Mijn pepe had konijnen, vroeger, in kotjes in de hof. Lieve knuffelbeesten, die wij elke dag het afval van de groenten gaven. We hielpen met het uitkuisen van de kotten, we mochten ze vastpakken en aaien. Als ge gras plukte, en dat door de draad stak, dan kwam er een klein warm neusje tegen uw hand duwen en voorzichtig gulzig knabbelen.
Wanneer de konijnen volgroeid waren, dan werden die doodgemaakt en dan maakte mijn meme ze klaar. Met pruimen en kroketjes. Ik weet nog dat ik dat op een bepaald moment in mijn kindertijd superzielig vond. Ik weet nog dat mijn pepe toen zei: “Niet onnozel doen, hé. Die konijntjes zijn om op te eten.”
Mijn andere pepe had duiven. Elk weekend werden een paar duiven in manden gestopt en naar Arras gebracht met de camion. Op zondag stond mijn pepe dan aan zijn duivenkot, met een blik mais te schudden. De duiven vielen en de ringen werden in de kas gestopt. Met die kas moest ge naar het café, en dan hadt ge misschien een prijs.
Soms hadden de duiven babyduiven. Jonge duiven zijn aandoenlijk schattig, met die lieve pluizen op hun hoofd. Ik ging altijd kijken naar de kleine duifjes. Soms mocht ik er eentje vastpakken, zomaar op mijn handen. Ze waren ontstellend zacht.
Jonge duiven zijn fantastisch lekker. Mijn meme maakte die klaar met kleine ajuintjes en bruine saus. We kregen er patatjes bij die ge mocht moezelen, met de saus.
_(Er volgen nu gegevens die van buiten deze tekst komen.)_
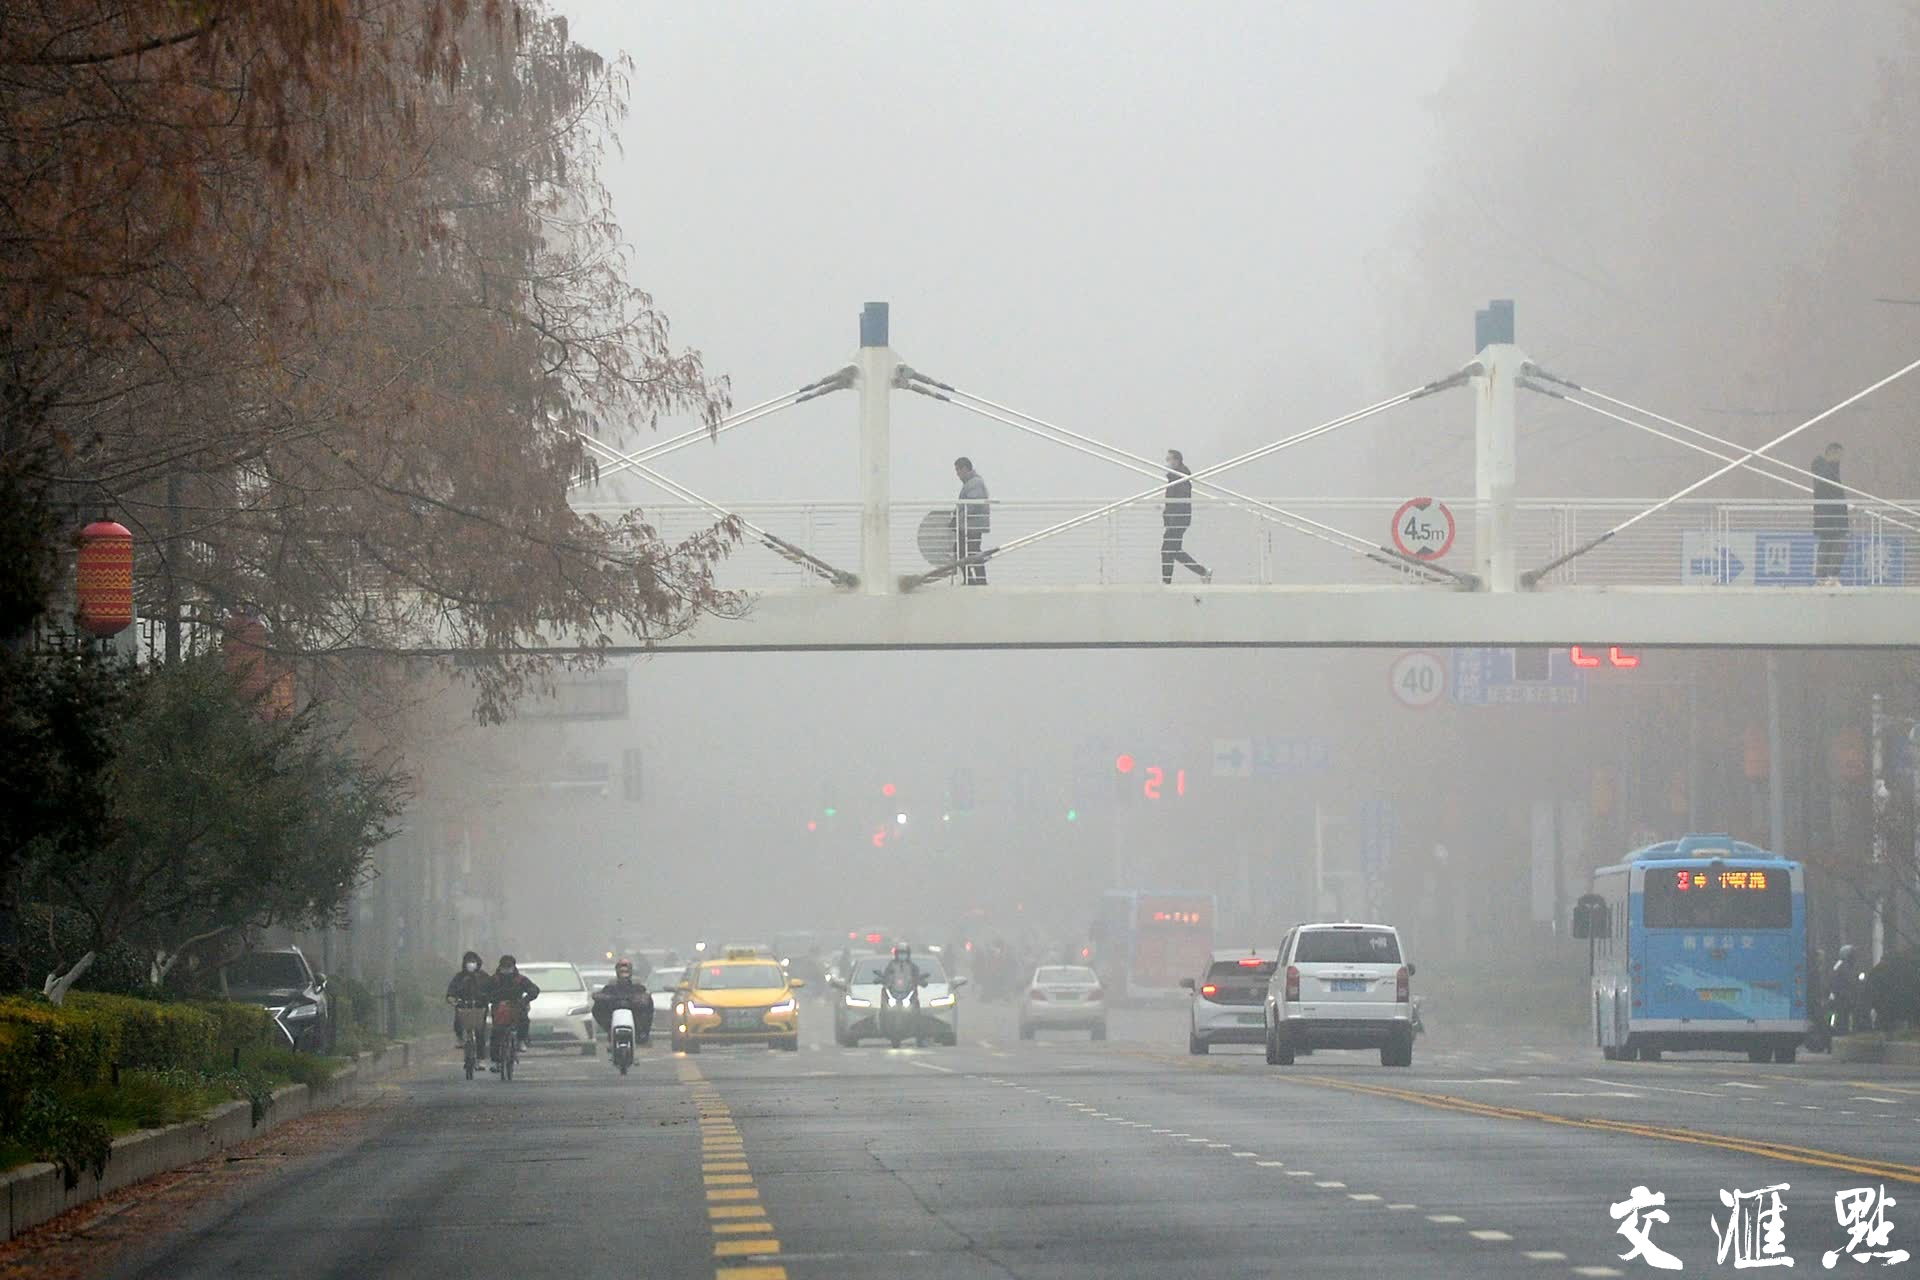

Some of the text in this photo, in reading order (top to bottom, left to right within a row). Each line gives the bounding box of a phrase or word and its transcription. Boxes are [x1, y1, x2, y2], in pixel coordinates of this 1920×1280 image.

[1404, 516, 1445, 541] 4.5m
[1401, 666, 1433, 693] 40
[1144, 766, 1185, 800] 21
Heerlijk.
Fast forward dertig jaar.
De vriend van de dochter komt uit een gezin waar vegetarisch wordt gegeten.
“Mama? B. zegt dat hij geen dode dieren eet. Eten wij dode dieren?”
“Ja, wij eten dode dieren. Niet vaak, maar als we vlees eten, dan is dat van dode dieren.”
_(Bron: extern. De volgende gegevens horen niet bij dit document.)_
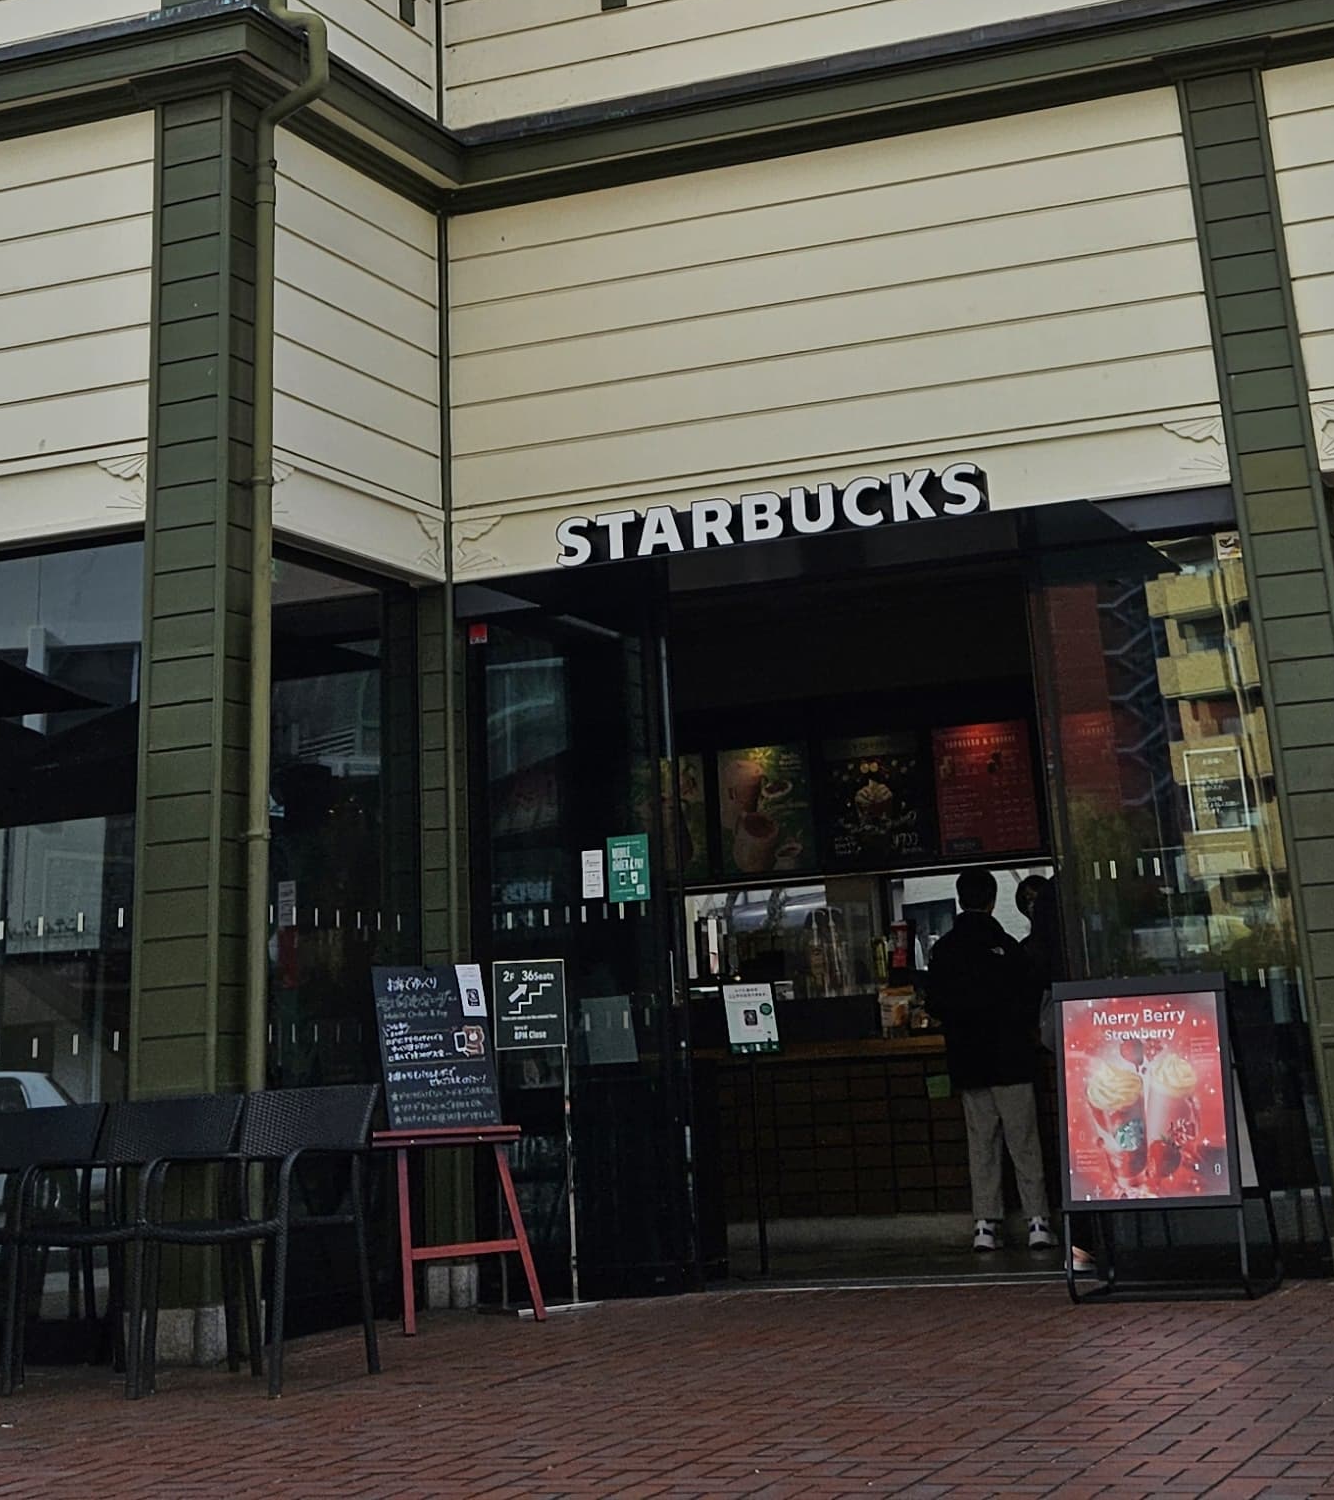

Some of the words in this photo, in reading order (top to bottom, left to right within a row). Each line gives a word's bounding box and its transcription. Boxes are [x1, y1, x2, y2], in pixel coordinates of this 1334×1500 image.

[556, 462, 985, 566] STARBUCKS
[1093, 1010, 1139, 1027] Merry
[1143, 1008, 1186, 1025] Berry
[1104, 1027, 1175, 1042] Strawberry
“Ojo. Welk dier is worst dan?”
“Varken, meestal, of kip. Of koe.”
“Wow”
“Wij proberen weinig dieren te eten. En als we vlees eten, dan koop ik vlees van dieren die een tof leven hebben gehad.”
/insert een hele uitleg over dierenwelzijn.
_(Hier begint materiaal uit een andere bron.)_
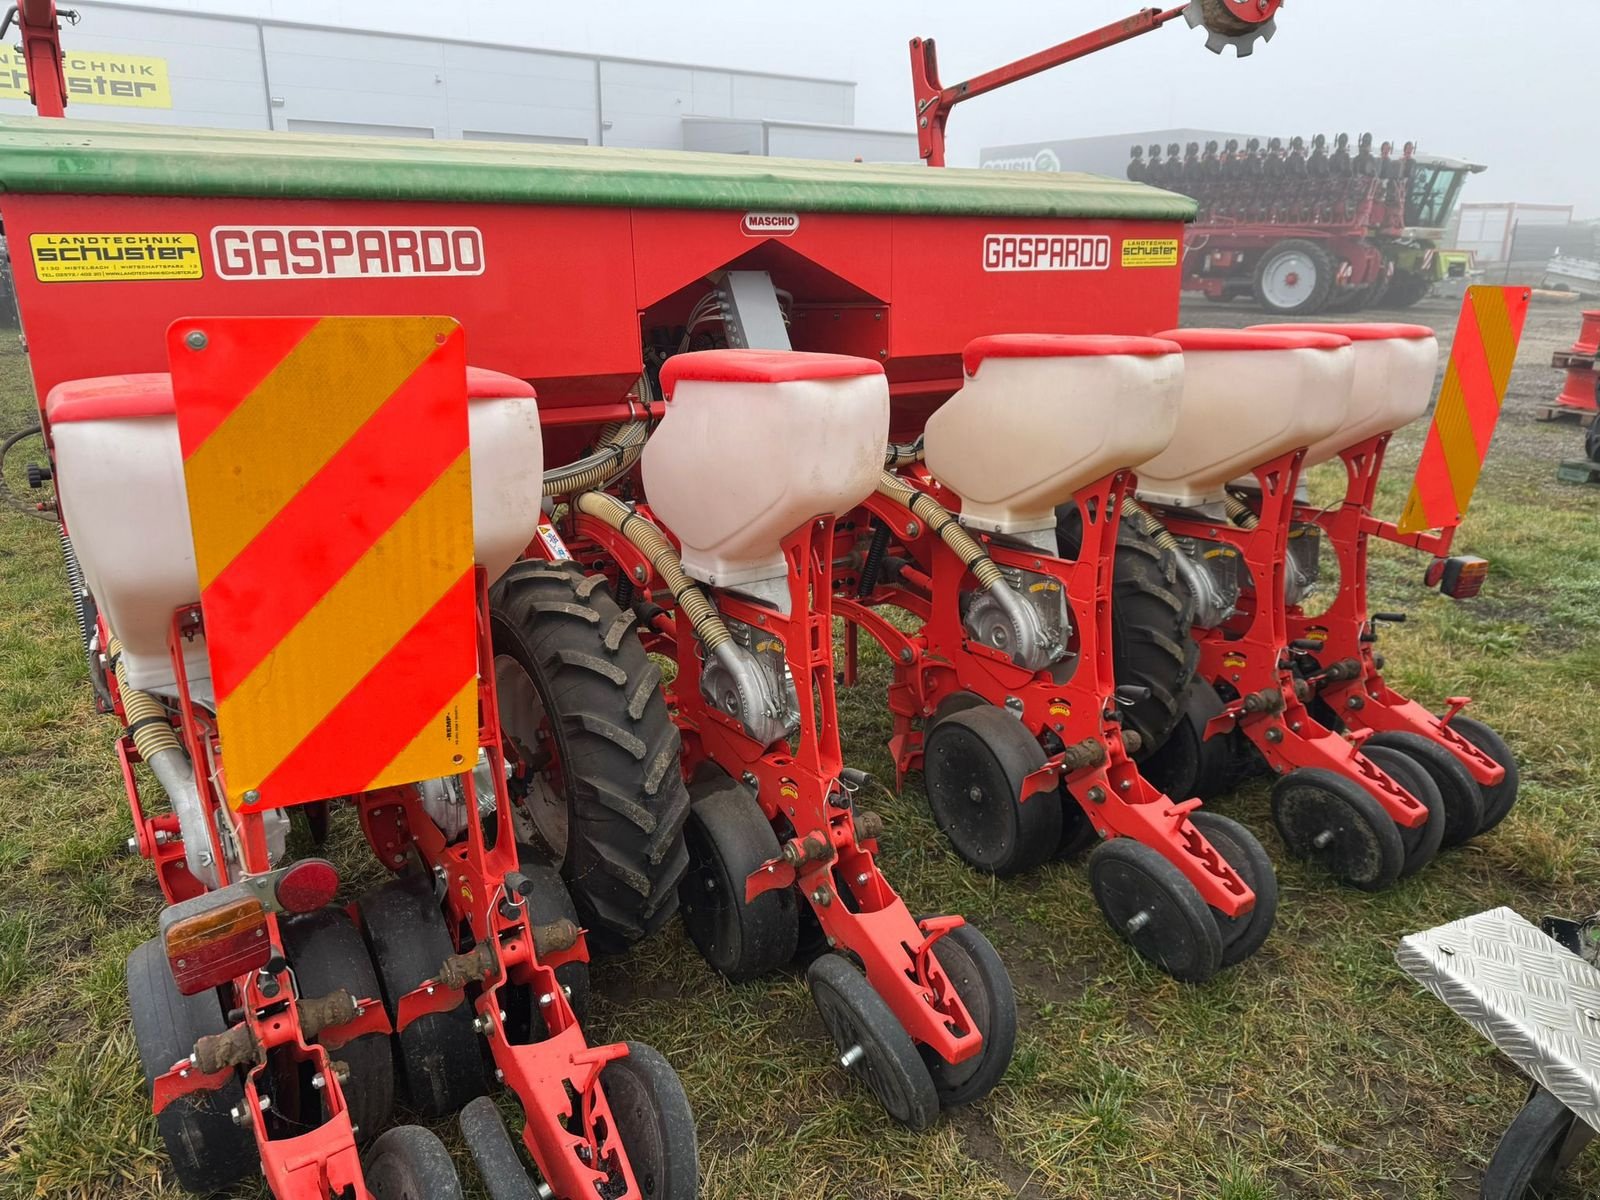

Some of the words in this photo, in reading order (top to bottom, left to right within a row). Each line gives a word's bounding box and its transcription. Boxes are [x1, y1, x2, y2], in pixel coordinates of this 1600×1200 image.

[748, 216, 795, 226] MASCHIO
[47, 236, 182, 245] LANDTECHNIK
[36, 244, 196, 261] schuster
[215, 230, 482, 275] GASPARDO
[985, 238, 1109, 268] GASPARDO
[1123, 246, 1176, 255] schuster
“Wil jij liever helemaal geen dode dieren meer eten? Want als jij dat wil, dan is dat ok hoor.”
De dochter denkt na.
“Neen. Ik lust graag worst. Dus dan moet ik dode dieren eten.”
Tot zover de theoretische uitleg. En dan nu de praktijk. Ik stel u voor: de drie biggetjes.
Schattig hé.
Ze zitten hier in ons eigen klein Berlijn, sinds een paar weken en we geven ze eten, zowat elke dag. We zien ze groeien als kool, en ze zijn machtig aanhankelijk, met al die spelende buurtkinderen die hen komen bezoeken.
In het najaar gaan ze op de barbecue. Mmmmm, speenvarken, met wat sla en een stuk stokbrood.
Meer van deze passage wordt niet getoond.